T2SMark: Balancing Robustness and Diversity in Noise-as-Watermark for Diffusion Models¶

Conference: NeurIPS 2025 arXiv: 2510.22366 Code: GitHub Area: Diffusion Models / Image Watermarking Keywords: Image Watermarking, Diffusion Models, Noise-as-Watermark, Tail-Truncated Sampling, Robustness-Diversity Trade-off

TL;DR¶

This paper proposes T2SMark, a two-stage watermarking scheme for diffusion models based on Tail-Truncated Sampling (TTS). By embedding watermark bits in the tail regions of the Gaussian distribution while sampling randomly from the central region, T2SMark is the first method to achieve an optimal balance between watermark robustness and generation diversity.

Background & Motivation¶

Background: High-fidelity images generated by diffusion models have created an urgent need for copyright protection and provenance tracing of AI-generated content.

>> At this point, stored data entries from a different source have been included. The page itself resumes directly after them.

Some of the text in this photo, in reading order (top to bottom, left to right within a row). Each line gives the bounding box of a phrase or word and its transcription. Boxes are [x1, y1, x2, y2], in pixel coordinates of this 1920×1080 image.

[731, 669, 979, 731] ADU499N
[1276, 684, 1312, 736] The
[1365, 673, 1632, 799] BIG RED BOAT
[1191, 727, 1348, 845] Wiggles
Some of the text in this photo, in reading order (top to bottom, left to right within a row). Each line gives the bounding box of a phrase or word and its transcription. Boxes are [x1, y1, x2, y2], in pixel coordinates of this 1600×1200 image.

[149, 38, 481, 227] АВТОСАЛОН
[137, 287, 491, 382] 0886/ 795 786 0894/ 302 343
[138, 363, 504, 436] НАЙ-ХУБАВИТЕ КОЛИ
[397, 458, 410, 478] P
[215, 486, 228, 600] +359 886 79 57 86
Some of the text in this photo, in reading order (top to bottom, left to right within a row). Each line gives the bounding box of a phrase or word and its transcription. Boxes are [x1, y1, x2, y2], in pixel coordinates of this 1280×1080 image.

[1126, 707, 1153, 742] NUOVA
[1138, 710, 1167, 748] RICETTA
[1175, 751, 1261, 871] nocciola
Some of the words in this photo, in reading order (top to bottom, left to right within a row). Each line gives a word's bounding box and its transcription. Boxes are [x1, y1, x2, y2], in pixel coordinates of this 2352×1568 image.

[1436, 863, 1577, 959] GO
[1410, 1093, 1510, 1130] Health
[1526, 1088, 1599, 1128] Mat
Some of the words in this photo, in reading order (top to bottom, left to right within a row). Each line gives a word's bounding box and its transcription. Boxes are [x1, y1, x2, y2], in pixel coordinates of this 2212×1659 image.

Noise-as-Watermark (NaW) is a promising family of watermarking techniques that encodes watermark information into a specific standard Gaussian noise vector used as the initial generation noise; extraction recovers the initial noise via diffusion inversion to decode the watermark.
Limitations of Prior Work: Existing NaW methods face a fundamental robustness–diversity trade-off:
Gaussian Shading (GS): Achieves high robustness via simple repetition codes, but each user employs a fixed codeword, severely limiting generation diversity (LPIPS only 0.6446).
PRC-Watermark (PRCW): Maintains diversity (LPIPS 0.7074) using pseudorandom error-correcting codes, but exhibits extremely weak robustness, with TPR dropping to only 29.4% under adversarial conditions.
Key Challenge: Gaussian samples near the origin are highly susceptible to sign flips under noise perturbation, leading to bit errors. Rather than naively mapping bits to positive/negative signs, embedding information exclusively in the more reliable tail regions is preferable.
Goal: To simultaneously achieve high watermark robustness and high generation diversity within the NaW paradigm, without requiring any additional training.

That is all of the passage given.